THE COTTLE GROUP

Because chromosomal translocations form primarily from double-strand DNA breaks (DSBs), alternative editing platforms that alter DNA without inducing DSBs may reduce genomic instability. While most clinical trials rely on CRISPR-Cas9 nucleases, other Cas effectors, such as Cas12a, and emerging CRISPR systems, like base editors, offer varied cutting kinetics or DSB-free nucleotide conversion, potentially reducing aberrant genomic rearrangements. However, no studies to date have systematically evaluated gene-editing specificity or the risk of chromosomal translocation events during multiplex CRISPR editing ex vivo.

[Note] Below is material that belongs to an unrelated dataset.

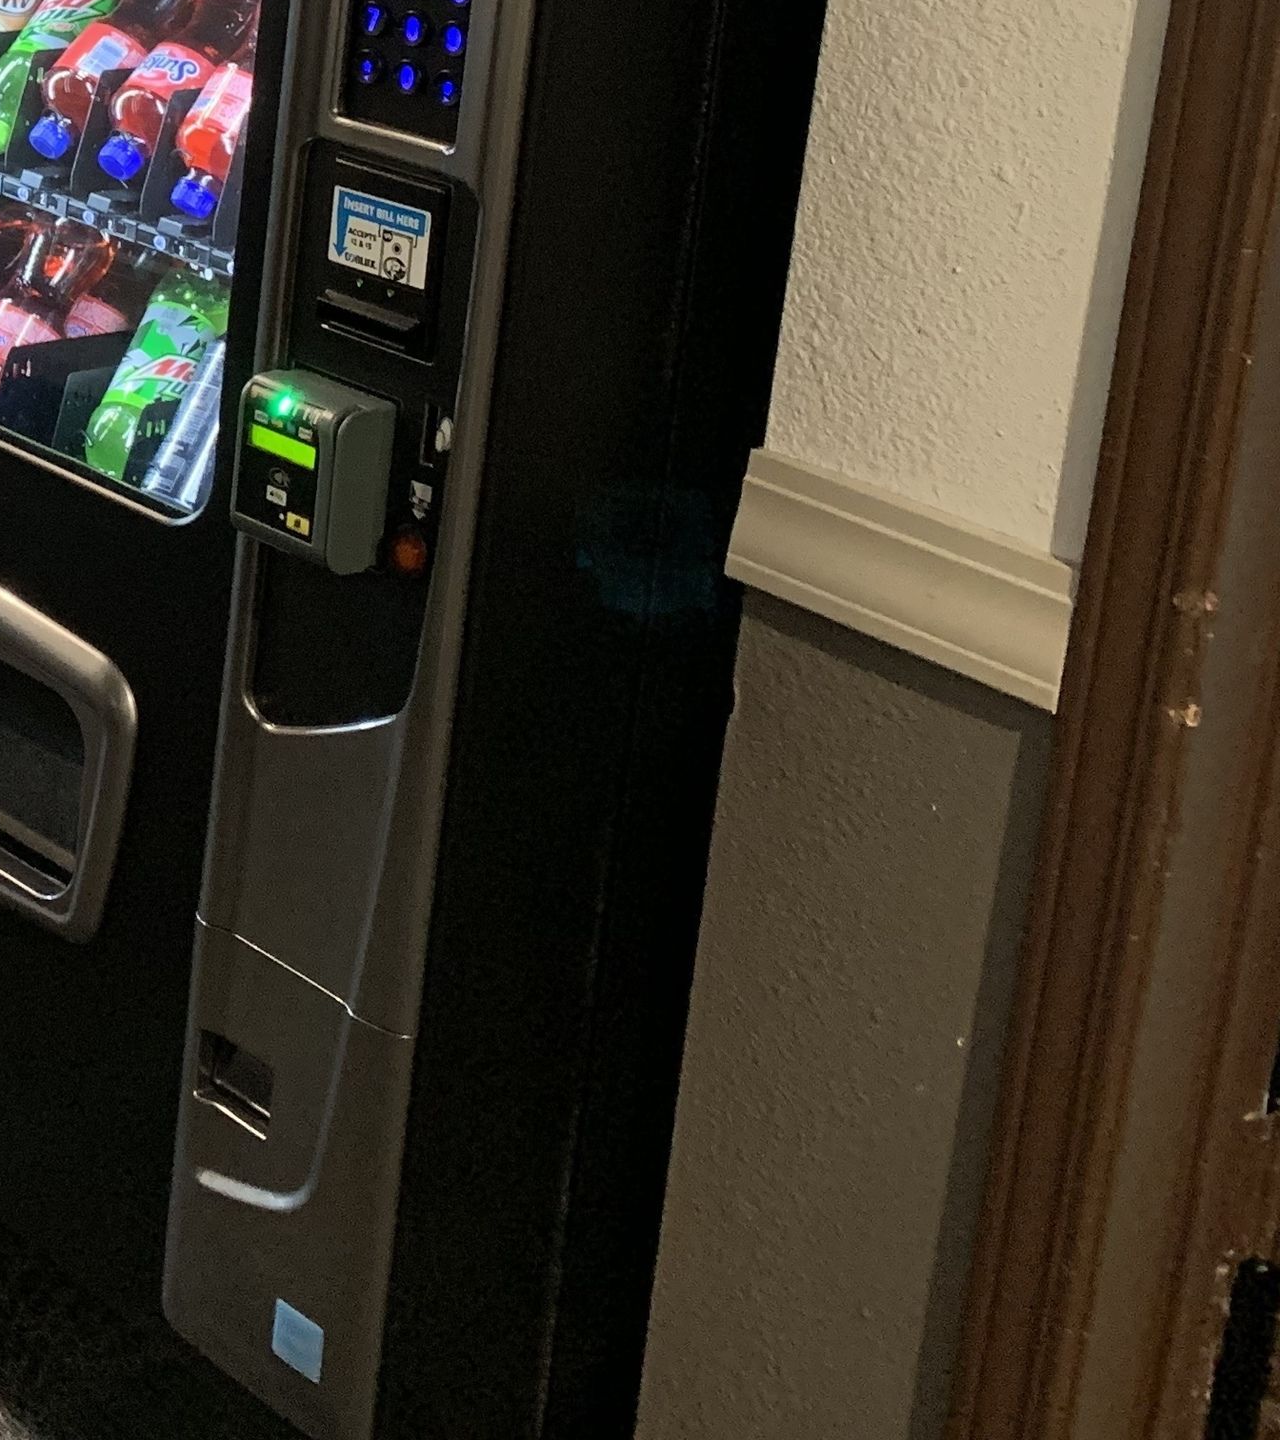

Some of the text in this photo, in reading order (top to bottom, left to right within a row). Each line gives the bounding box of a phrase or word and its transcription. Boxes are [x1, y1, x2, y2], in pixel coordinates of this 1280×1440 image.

Critically, rigorous safety profiling of multiplex CRISPR systems in primary mouse and human hepatocytes, the target cell type for treatment of inherited metabolic liver diseases, remains largely unexplored. The Cottle Lab focuses on combining Cas nucleases systems for multiplex editing to achieve high on-target editing efficiency while reducing chromosomal translocations in both mouse and humanized mouse models. We are conducting studies to compare base editors and combinations of Cas nucleases in primary hepatocytes in culture and after engraftment and multiple cycles of replication in the liver in vivo. We are rigorously quantifying the frequencies of off-target editing and chromosomal translocations using droplet digital PCR (ddPCR) and CAST-seq, an unbiased genome-wide method that simultaneously detects off-target cleavage sites and translocation junctions. The aim of these studies is to establish a safety benchmark to guide the development of a clinically viable multiplex gene-editing strategy for inherited metabolic liver diseases.